August 11, 2014

Antiretroviral treatment has transformed HIV from a death sentence to a chronic condition, enabling infected adults to pay more attention to their quality of life. Yet quality of life is affected strongly by depression, which plagues HIV-infected adults at a higher rate than the general population.

Dr. Brian Pence

Dr. Brian Pence

Angela Bengtson

Angela Bengtson

A new study by Brian Pence, PhD, assistant professor of epidemiology, and doctoral candidate Angela Bengtson, both of UNC’s Gillings School of Global Public Health, indicates that treating depression effectively improves quality of life in a number of areas for HIV-infected individuals.

The study, “Improvements in depression and changes in quality of life among HIV-infected adults,” was published online Aug. 8 in the journal AIDS Care.

“It is pretty well understood that depression is associated with worse quality of life,” Bengtson said. “But this is some of the first evidence about the extent to which improving depression has the potential to improve quality of life for patients with HIV infection.”

Living with HIV carries considerable physical and emotional burdens. Physical symptoms, especially extreme fatigue, take their toll, and HIV continues to bear a stigma that can lead to loss of social support among infected adults. When depression joins the mix, which it does in 20 to 30 percent of infected adults, it can decrease adherence to taking antiretroviral drugs, which can start a downward spiral leading to reduced quality of life and worse health outcomes.

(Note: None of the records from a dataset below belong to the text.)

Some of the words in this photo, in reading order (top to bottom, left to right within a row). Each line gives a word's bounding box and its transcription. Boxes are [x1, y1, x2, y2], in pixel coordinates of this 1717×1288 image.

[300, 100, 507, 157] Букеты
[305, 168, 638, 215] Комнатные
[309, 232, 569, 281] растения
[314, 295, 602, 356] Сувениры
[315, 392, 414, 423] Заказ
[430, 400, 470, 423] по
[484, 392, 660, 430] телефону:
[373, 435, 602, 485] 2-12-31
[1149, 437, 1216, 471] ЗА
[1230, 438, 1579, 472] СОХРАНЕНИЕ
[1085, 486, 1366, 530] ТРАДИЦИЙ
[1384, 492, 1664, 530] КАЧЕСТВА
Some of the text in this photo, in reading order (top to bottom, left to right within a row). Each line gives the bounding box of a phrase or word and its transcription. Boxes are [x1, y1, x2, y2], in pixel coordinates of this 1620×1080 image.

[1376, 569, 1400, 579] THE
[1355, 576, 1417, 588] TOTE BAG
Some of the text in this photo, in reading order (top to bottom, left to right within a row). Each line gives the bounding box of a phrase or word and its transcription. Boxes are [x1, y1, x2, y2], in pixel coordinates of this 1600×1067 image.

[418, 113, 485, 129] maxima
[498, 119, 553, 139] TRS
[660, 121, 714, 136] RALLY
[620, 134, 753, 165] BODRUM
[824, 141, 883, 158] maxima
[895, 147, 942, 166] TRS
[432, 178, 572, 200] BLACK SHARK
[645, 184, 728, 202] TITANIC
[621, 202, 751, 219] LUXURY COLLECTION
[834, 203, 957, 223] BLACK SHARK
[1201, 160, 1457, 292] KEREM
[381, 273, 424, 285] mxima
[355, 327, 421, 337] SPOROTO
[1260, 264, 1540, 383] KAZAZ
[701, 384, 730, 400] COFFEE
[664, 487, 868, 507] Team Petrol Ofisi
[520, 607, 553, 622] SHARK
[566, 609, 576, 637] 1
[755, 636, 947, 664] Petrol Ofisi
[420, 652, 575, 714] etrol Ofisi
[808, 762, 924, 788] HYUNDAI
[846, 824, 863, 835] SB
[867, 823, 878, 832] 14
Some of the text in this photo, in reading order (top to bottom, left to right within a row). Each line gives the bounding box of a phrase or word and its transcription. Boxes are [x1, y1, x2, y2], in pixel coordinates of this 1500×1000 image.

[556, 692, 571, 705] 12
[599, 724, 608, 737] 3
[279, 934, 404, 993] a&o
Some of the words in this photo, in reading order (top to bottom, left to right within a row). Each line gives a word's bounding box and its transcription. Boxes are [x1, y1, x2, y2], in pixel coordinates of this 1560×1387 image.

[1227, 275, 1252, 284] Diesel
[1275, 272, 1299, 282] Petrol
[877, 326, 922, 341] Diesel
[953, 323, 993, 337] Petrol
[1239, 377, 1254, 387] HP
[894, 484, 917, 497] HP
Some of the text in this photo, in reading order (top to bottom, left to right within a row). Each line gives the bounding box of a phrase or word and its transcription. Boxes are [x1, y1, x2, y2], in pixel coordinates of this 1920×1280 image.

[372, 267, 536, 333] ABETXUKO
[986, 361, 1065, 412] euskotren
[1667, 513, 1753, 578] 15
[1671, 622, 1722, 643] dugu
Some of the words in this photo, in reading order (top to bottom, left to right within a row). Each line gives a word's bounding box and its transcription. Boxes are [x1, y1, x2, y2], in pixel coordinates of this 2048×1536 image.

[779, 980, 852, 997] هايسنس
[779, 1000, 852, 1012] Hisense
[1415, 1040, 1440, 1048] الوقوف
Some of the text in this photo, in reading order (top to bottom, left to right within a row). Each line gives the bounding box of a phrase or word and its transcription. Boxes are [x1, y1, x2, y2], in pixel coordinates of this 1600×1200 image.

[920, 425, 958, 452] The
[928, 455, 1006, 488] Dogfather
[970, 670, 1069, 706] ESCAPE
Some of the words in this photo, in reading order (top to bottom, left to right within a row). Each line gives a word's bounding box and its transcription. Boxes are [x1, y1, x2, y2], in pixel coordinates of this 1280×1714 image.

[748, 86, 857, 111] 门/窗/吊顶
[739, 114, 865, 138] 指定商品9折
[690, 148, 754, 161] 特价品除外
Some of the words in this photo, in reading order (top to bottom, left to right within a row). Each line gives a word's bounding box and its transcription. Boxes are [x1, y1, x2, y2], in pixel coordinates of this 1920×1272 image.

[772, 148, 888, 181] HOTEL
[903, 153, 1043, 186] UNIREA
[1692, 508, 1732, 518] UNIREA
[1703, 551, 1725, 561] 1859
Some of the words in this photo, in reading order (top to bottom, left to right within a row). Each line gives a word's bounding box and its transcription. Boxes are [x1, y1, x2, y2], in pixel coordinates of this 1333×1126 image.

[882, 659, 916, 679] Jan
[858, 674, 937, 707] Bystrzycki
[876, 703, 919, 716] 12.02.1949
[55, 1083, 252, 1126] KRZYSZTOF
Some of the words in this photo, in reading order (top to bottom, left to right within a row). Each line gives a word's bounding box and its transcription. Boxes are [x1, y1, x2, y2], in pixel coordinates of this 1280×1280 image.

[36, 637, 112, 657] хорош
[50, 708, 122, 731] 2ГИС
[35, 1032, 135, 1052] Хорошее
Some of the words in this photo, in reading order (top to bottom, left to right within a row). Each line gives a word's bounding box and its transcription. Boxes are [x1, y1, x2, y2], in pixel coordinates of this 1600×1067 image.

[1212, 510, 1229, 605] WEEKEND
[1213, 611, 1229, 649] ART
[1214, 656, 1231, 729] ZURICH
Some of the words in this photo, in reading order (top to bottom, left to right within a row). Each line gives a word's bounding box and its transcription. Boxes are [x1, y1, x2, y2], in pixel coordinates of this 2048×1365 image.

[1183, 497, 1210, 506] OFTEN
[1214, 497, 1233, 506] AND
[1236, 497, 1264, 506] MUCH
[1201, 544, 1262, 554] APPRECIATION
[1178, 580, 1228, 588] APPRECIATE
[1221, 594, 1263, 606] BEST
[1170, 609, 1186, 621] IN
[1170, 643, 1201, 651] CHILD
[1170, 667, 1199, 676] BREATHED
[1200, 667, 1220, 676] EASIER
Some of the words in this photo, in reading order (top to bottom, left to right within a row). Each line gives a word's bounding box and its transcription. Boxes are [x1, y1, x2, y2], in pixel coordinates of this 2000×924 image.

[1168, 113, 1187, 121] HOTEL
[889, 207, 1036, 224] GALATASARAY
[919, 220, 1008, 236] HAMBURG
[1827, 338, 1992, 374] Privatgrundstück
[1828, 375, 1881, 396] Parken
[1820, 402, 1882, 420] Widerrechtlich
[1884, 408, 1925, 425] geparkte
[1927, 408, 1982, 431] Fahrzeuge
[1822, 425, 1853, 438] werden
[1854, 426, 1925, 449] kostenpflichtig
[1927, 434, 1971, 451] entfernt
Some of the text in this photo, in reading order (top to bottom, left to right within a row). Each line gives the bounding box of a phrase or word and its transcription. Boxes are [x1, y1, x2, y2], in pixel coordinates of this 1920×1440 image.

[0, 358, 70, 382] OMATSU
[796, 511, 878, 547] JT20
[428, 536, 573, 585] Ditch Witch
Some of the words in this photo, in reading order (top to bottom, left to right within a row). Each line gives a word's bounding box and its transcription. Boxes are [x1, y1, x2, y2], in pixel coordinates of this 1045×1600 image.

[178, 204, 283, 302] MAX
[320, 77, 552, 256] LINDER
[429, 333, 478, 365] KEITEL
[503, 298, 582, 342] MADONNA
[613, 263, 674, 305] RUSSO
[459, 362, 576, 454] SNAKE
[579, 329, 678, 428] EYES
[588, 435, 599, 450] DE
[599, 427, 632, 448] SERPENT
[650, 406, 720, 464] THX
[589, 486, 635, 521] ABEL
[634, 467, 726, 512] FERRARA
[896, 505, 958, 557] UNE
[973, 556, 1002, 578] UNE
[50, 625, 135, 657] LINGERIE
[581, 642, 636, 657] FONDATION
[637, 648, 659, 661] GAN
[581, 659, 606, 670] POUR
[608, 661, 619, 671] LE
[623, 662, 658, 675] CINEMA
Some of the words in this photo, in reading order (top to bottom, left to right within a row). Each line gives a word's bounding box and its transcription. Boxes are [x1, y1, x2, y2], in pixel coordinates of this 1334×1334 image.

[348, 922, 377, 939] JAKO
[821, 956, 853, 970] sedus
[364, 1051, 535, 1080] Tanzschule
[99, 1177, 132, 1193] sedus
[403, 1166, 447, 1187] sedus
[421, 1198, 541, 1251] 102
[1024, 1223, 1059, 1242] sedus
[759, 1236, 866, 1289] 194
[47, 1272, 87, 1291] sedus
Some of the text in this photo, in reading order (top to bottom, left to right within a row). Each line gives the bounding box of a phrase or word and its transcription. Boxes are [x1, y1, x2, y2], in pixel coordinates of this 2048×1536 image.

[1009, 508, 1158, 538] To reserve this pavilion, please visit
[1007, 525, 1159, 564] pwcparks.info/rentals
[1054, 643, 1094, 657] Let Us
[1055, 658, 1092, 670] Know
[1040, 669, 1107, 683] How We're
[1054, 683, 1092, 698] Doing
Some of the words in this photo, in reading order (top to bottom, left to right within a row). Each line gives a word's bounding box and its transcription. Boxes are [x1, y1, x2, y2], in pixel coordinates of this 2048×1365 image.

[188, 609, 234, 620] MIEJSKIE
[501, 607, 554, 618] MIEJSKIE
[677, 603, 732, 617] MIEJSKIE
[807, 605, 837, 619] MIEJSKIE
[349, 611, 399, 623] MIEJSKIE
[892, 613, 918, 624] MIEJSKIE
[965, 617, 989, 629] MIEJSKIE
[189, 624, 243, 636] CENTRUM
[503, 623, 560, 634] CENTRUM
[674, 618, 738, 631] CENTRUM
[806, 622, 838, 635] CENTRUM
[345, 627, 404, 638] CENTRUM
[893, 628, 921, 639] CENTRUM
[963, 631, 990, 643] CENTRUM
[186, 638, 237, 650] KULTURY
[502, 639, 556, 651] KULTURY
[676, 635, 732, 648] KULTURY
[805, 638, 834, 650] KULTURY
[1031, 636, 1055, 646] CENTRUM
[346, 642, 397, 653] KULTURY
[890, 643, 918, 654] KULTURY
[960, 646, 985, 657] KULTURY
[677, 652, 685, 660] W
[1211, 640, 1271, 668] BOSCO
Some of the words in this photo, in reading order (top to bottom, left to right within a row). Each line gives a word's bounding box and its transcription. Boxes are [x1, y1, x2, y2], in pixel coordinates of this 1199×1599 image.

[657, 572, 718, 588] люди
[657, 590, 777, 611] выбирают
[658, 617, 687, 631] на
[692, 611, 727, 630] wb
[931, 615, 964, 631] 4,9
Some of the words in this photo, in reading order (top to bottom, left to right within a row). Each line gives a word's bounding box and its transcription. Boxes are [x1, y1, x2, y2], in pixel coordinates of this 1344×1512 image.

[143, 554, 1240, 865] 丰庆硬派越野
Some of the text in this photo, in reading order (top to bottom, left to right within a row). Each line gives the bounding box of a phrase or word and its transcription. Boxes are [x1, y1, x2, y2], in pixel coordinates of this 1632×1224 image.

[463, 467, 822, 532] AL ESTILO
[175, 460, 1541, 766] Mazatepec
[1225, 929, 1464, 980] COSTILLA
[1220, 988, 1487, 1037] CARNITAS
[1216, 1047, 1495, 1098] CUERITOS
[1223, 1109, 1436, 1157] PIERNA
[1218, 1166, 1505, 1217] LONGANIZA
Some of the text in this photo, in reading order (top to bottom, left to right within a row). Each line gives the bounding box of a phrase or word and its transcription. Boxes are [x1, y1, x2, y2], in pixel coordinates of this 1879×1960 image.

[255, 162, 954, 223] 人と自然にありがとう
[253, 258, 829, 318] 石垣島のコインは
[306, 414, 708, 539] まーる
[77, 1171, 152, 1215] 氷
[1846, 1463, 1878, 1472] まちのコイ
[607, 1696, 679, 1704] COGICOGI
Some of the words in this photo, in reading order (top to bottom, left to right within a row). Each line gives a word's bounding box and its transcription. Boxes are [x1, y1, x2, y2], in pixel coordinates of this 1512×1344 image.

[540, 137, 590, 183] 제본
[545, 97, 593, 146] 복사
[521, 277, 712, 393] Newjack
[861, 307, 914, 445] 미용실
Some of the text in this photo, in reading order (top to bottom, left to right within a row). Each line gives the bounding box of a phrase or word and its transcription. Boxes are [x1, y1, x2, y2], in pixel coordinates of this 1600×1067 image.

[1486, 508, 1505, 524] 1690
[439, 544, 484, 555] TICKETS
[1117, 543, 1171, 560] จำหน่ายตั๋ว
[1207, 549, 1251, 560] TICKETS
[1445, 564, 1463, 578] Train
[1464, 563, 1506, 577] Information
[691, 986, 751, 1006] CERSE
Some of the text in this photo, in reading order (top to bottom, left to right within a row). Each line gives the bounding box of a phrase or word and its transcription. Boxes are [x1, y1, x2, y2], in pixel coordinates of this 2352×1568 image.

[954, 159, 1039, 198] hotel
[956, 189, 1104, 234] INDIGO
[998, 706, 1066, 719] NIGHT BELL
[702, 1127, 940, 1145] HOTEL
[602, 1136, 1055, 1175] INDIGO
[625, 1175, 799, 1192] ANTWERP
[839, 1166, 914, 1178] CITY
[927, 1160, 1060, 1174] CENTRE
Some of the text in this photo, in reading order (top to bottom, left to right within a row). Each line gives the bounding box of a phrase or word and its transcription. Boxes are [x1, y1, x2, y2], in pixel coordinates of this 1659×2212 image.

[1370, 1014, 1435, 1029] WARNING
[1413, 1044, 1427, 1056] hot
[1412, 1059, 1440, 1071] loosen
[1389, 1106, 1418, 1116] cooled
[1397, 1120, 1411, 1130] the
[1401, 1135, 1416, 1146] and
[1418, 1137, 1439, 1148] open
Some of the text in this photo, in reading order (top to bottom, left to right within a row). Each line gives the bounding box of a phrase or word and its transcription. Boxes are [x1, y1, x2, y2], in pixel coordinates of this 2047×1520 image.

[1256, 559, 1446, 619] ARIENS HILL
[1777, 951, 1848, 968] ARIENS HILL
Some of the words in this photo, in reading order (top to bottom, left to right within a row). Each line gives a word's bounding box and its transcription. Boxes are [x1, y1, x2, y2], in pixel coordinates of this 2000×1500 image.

The study by Bengtson and Pence was part of a larger randomized controlled trial comparing enhanced care for depression to a treatment model called Measurement-Based Care. The paper examines the first 176 study participants who completed six months of follow-up in the larger study. The researchers measured the participants’ level of depression at the beginning of the study and again after six months, using the Hamilton Depression Rating Scale (HAM-D), and classified each participant as showing full, partial or no relief from their depression. Those who experienced greater relief from their depression reported better quality of life — including better mental health-related daily functioning and reductions in HIV symptoms and fatigue — than those who demonstrated only partial or no relief from their depression.

The results support the idea that treating depression in HIV-infected adults holds the likelihood of improving important indicators of quality of life.

Co-authors affiliated with UNC are Julie O’Donnell, research assistant in the Gillings School’s epidemiology department; Amy Heine, MSN, FNP, of the UNC School of Medicine’s Department of Medicine; and Bradley Gaynes, MD, MPH, of the UNC medical school’s psychiatry department.